Deuxième observation, comme le Haut Conseil des finances publiques, je juge les prévisions optimistes, à commencer par le budget consacré à l'épidémie de covid-19 : 1 milliard d'euros, c'est peu par rapport aux années précédentes ! Ce constat vaut pour l'évolution des recettes comme pour celle des dépenses, à l'image de la courbe pluriannuelle fixée pour l'Ondam dans un contexte inflationniste. Je suis de nature optimiste, mais il me semble, là, que l'on manque d'une certaine prudence.

Le Sénat et sa commission des affaires sociales souhaiteront se donner les moyens de tenir les objectifs financiers affichés et de contrôler qu'il n'y ait pas de dérive des comptes sans retour devant le Parlement.

Pour l'heure, je vous soumets quelques questions simples.

Premièrement, pouvez-vous préciser l'impact financier, en recettes et en dépenses, d'une éventuelle réforme des retraites pour la période couverte par le projet de loi de programmation ?

Deuxièmement, pouvez-vous faire un point sur les transferts à la Caisse d'amortissement de la dette sociale (Cades) qui doivent encore être effectués au titre de la loi de 2020 ? Le montant de 92 milliards d'euros devrait effectivement être atteint au vu des déficits attendus.

Troisièmement, pouvez-vous nous indiquer si un rejet du projet de loi de programmation des finances publiques serait susceptible de remettre en cause le financement par l'Union européenne de 6 milliards d'euros pour les investissements du quotidien ?

Quatrièmement - c'est une question récurrente au Sénat, car nous ne trouvons pas ce transfert judicieux -, comment justifiez-vous le transfert pérenne d'une partie des indemnités journalières du congé de maternité de la branche maladie à la branche famille ?

Cinquièmement, quel objectif visez-vous avec la réforme de la fiscalité du tabac ? Est-ce uniquement un objectif de rendement ? On voit très bien, dans d'autres pays, qu'un accroissement en proportion suffisante de cette fiscalité entraîne une réduction de la consommation. À cet égard, permettez-moi une observation personnelle : même si ce n'est pas politiquement correct au sein de notre assemblée, je suis gênée que l'on prenne des dispositions sur le tabac, et pas sur l'alcool.
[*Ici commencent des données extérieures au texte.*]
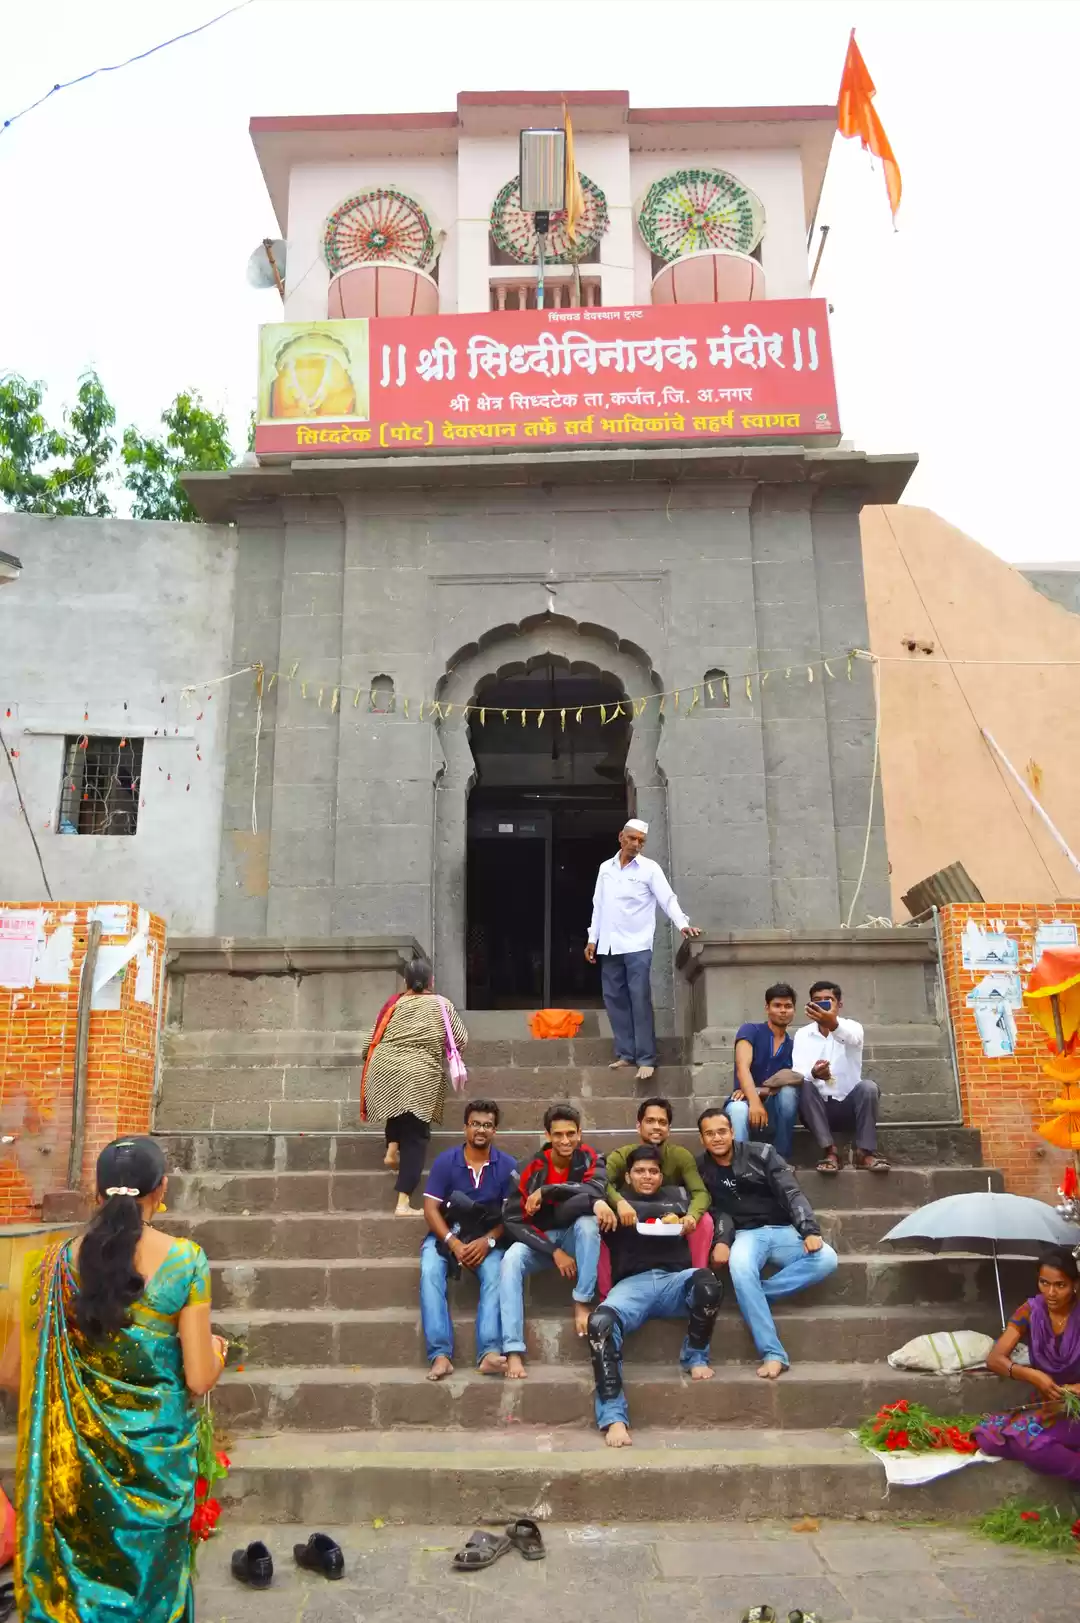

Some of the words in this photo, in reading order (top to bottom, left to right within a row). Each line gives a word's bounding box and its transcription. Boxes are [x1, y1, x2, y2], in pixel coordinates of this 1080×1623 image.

[584, 309, 620, 320] देवस्थान
[416, 336, 457, 382] श्री
[707, 323, 786, 370] मंदीर
[449, 394, 470, 413] श्री
[476, 392, 504, 411] क्षेत्र
[442, 420, 517, 440] देवस्थान
[524, 416, 557, 437] तर्फे
[564, 414, 595, 436] सर्व
[600, 411, 686, 434] भाविकांचे
[692, 409, 735, 433] सहर्ष
[741, 412, 800, 430] स्वागत
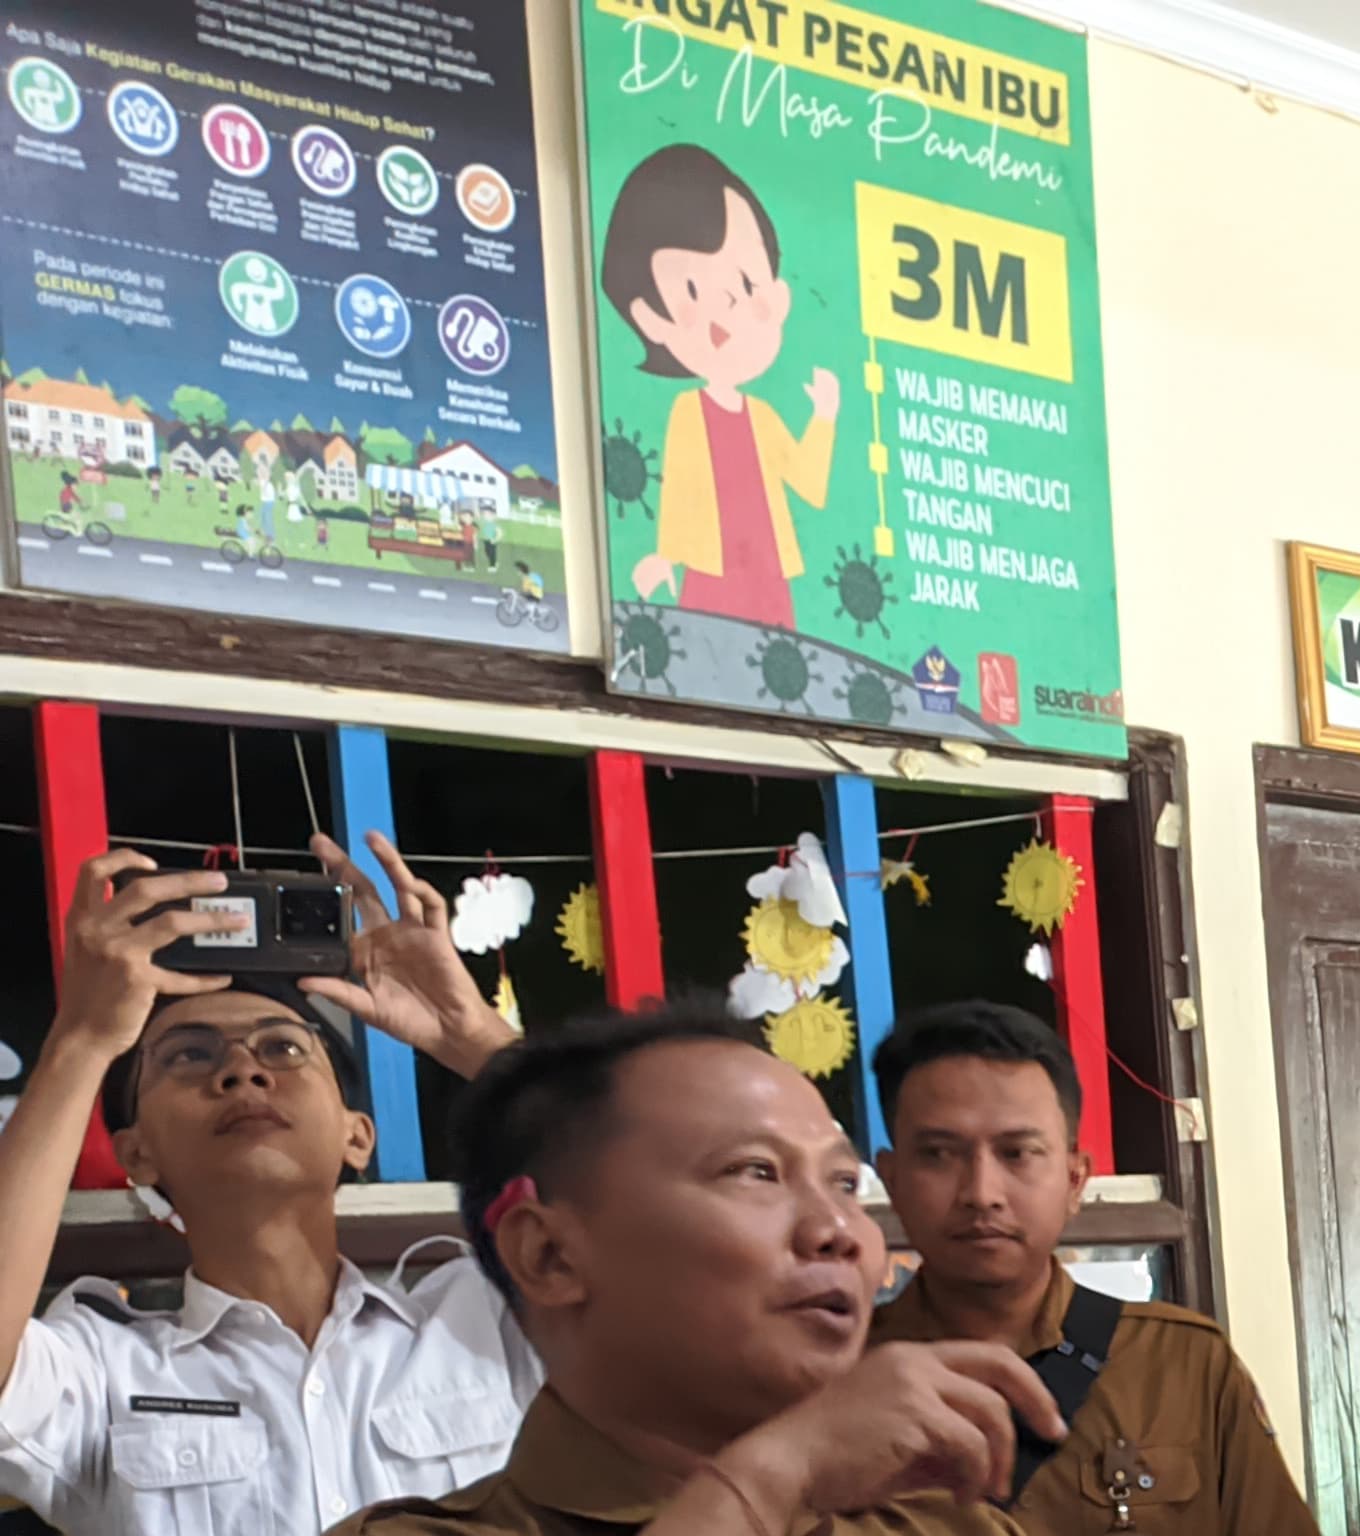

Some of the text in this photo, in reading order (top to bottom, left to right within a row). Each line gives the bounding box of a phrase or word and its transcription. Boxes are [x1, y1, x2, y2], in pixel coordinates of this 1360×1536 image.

[6, 23, 435, 142] Apa Saja Kegiatan Gerakan Masyarakat Hidup Sehat?
[615, 0, 1060, 129] GAT PESAN IBU
[619, 15, 1063, 191] Di Masa Pandemi
[33, 249, 77, 273] Pada
[80, 262, 142, 286] periode
[35, 272, 164, 312] GERMAS fokus
[890, 223, 1030, 347] 3M
[36, 290, 99, 315] dengan
[895, 367, 1068, 435] WAJIB MEMAKAI
[898, 407, 989, 457] MASKER
[900, 448, 1071, 513] WAJIB MENCUCI
[903, 488, 993, 537] TANGAN
[905, 529, 1079, 591] WAJIB MENJAGA
[910, 571, 980, 612] JARAK
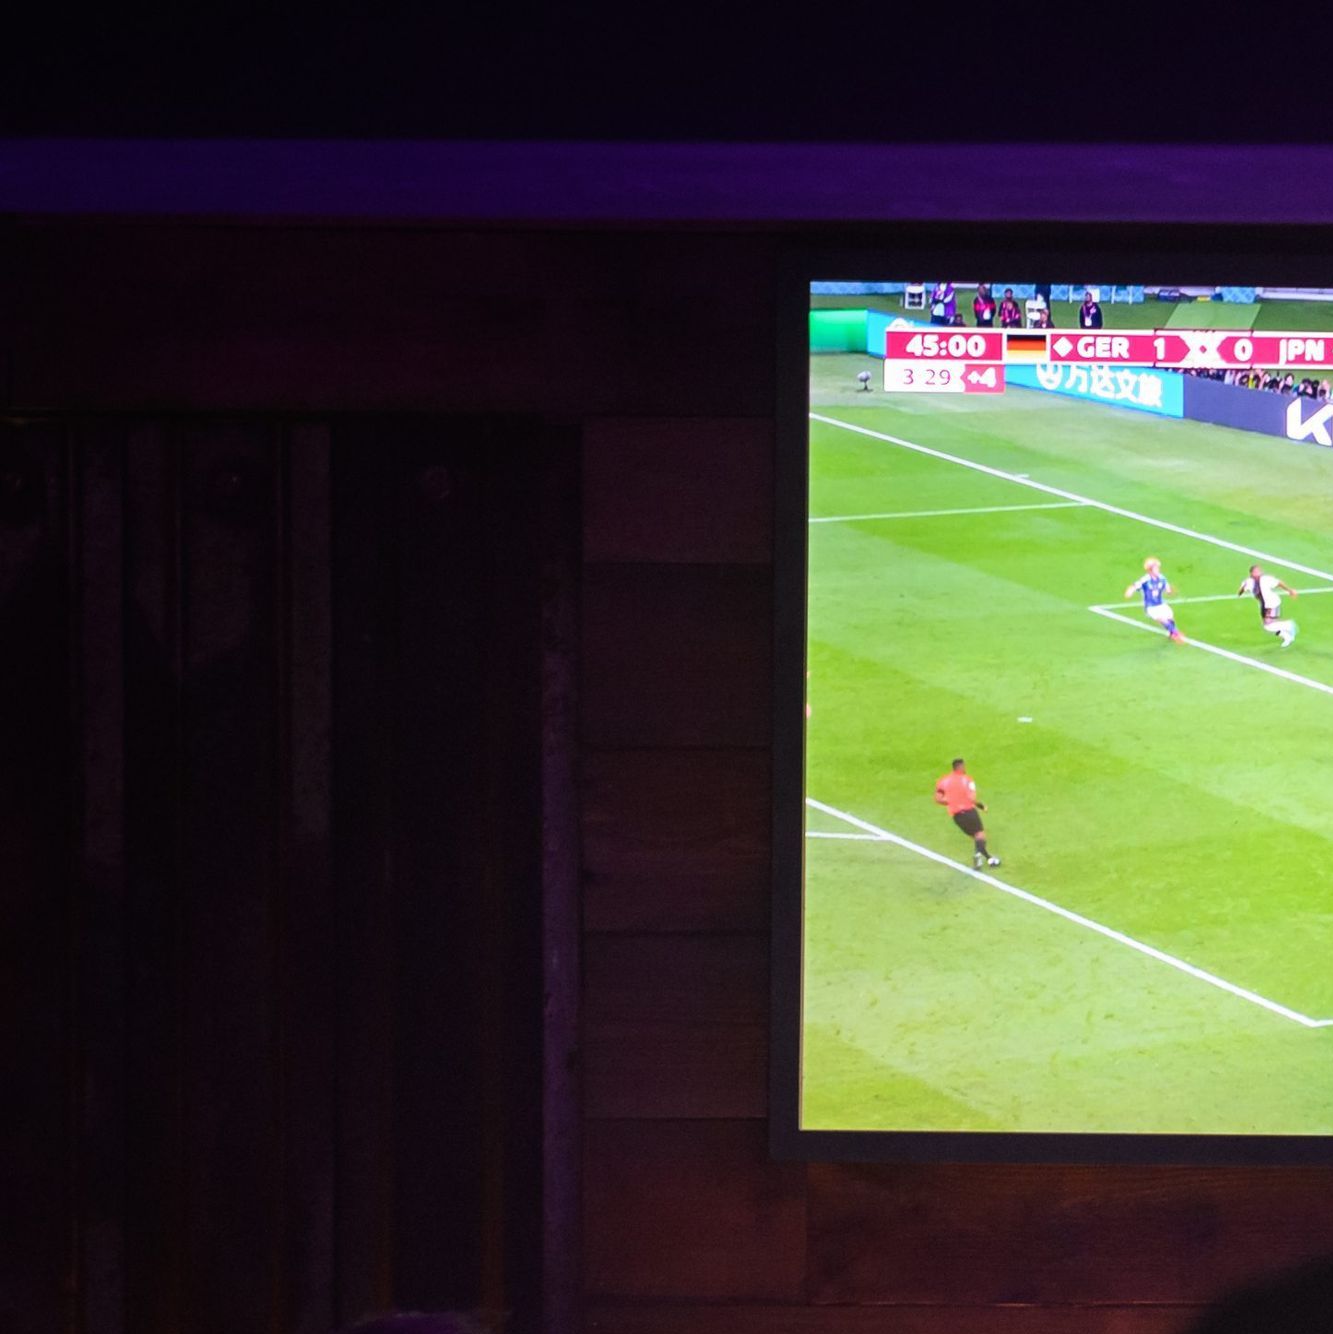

Debut de section - PermalienPhoto de Philippe Mouiller

rapporteur pour la branche autonomie et en remplacement de Mme Corinne Imbert, rapporteure pour la branche assurance maladie. - Je vous soumets tout d'abord trois questions au nom de ma collègue Corinne Imbert, rapporteure pour la branche assurance maladie.

Le PLFSS présente une trajectoire de redressement rapide des comptes, alors que, voilà un an à peine, le directeur de la Cnam estimait que dix ans de déficits importants s'annonçaient pour la branche. Faut-il voir dans ce solde amélioré des recettes cachées ou des efforts en dépenses dissimulés ?

Le taux d'évolution de l'Ondam à l'horizon de 2025 et 2027 peut paraître favorable : il est respectivement de 2,7 % et 2,6 %, alors que la cible avant la crise s'établissait à 2,3 %. Cette tendance, qui représente une augmentation des dépenses de 5 milliards d'euros par an, ne paraît pas tenable, au regard des incertitudes liées à la crise du covid-19 ou à l'inflation, des besoins de santé du pays et de la nécessaire rénovation d'un système de soins au bord de la rupture. Quelles économies sous-tendent cette trajectoire très ambitieuse ?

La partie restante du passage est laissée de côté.